* **TASK**
Set the data below down again, exactly, with every picture left out.

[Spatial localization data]
_ _ _ _
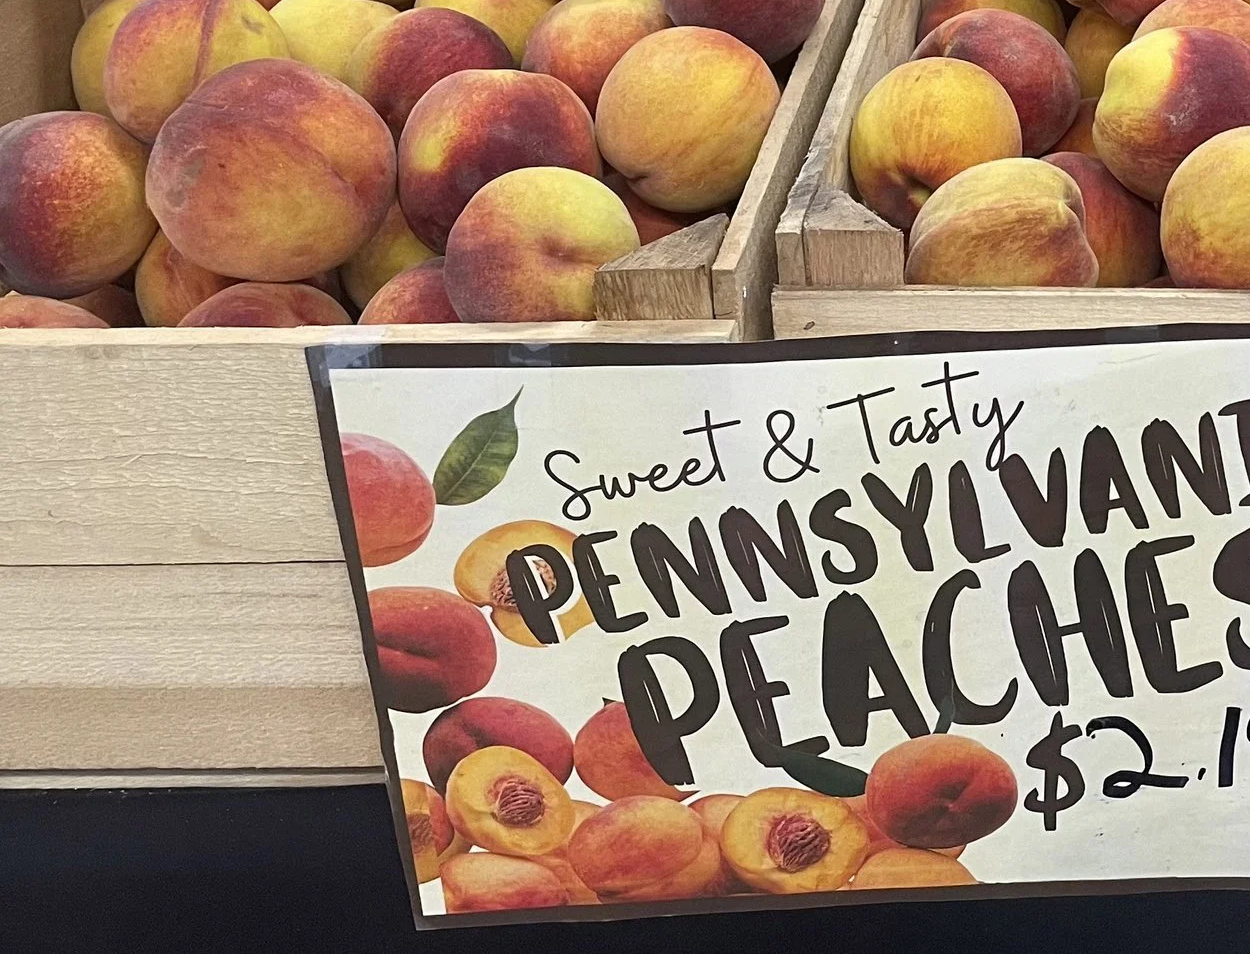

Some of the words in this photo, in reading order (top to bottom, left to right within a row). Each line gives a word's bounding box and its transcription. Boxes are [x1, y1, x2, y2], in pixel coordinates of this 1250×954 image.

[543, 409, 741, 521] Sweet
[762, 409, 820, 483] &
[826, 361, 1025, 472] Tasty
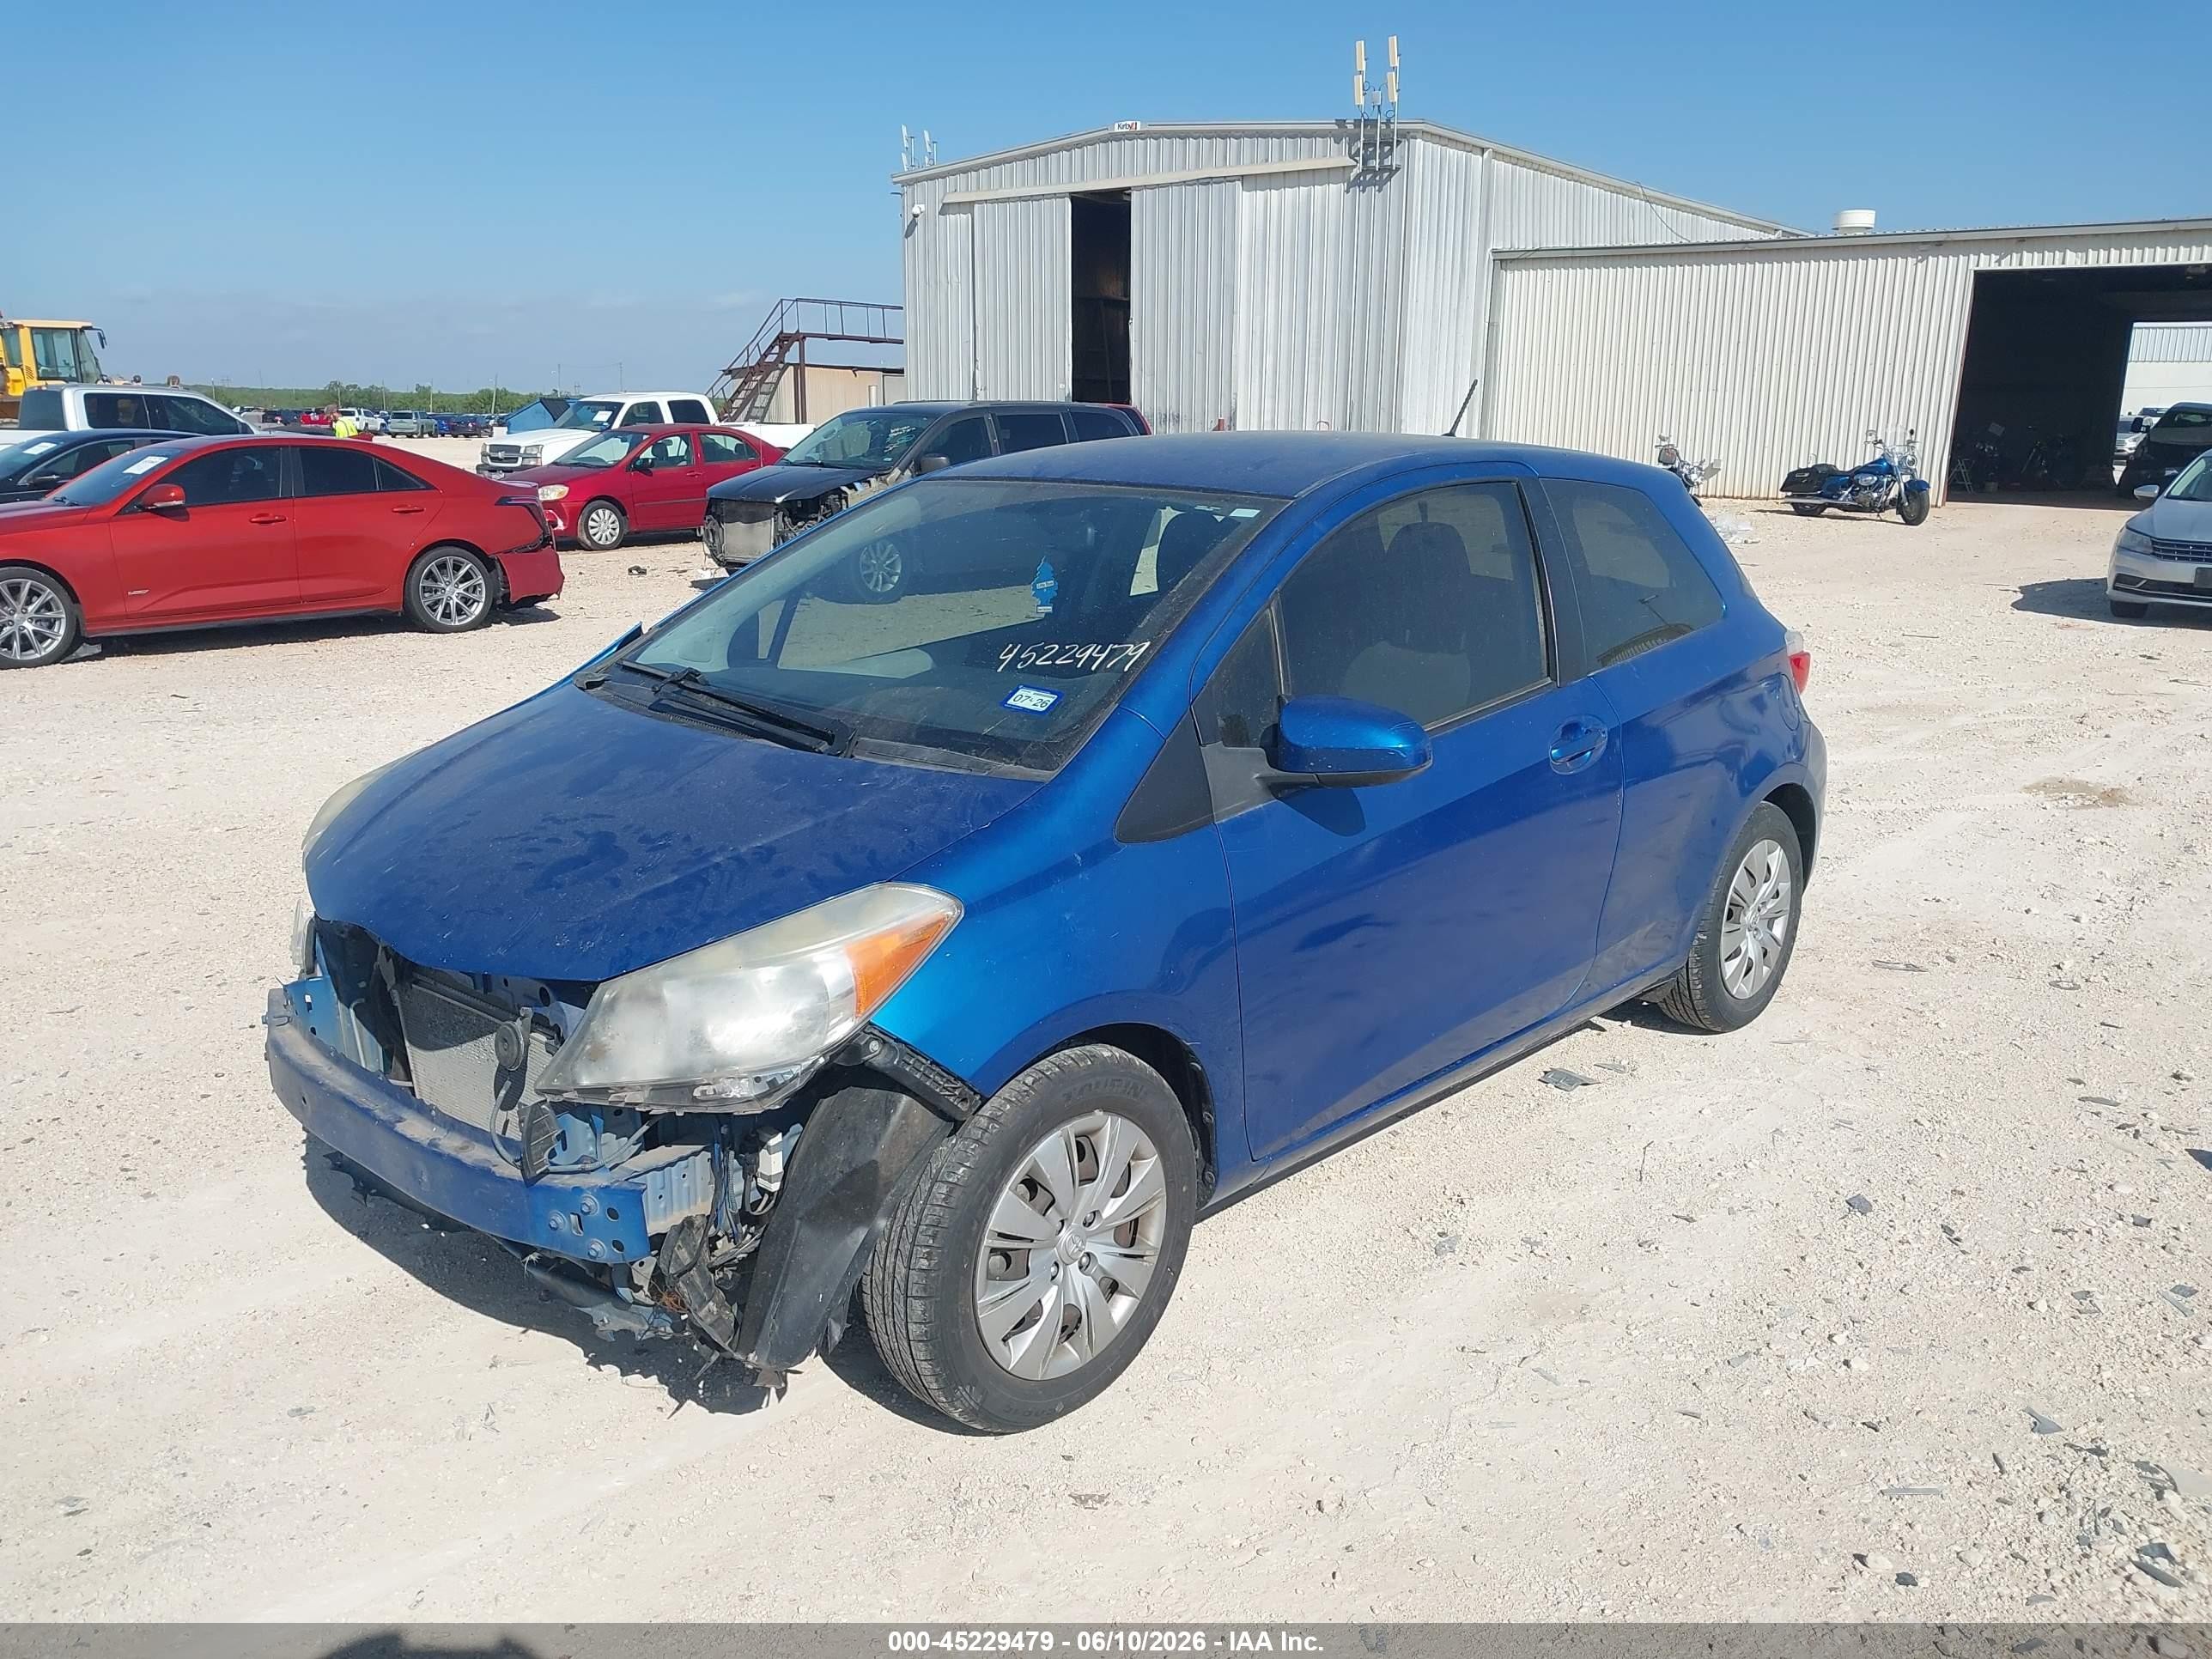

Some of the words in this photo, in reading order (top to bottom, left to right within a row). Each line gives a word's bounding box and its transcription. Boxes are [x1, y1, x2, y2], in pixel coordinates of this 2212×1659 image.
_ _ _ _
* **COMPLETED TASK**
Some of the words in this photo, in reading order (top to bottom, left to right within a row). Each line gives a word's bounding box and its transcription. Boxes are [x1, y1, x2, y2], in pixel coordinates of this 1250×954 image.

[543, 409, 741, 521] Sweet
[762, 409, 820, 483] &
[826, 361, 1025, 472] Tasty

Some of the words in this photo, in reading order (top to bottom, left to right within a row). Each line gives a word's bounding box and its transcription. Boxes are [x1, y1, x2, y2], in pixel coordinates of this 2212×1659 image.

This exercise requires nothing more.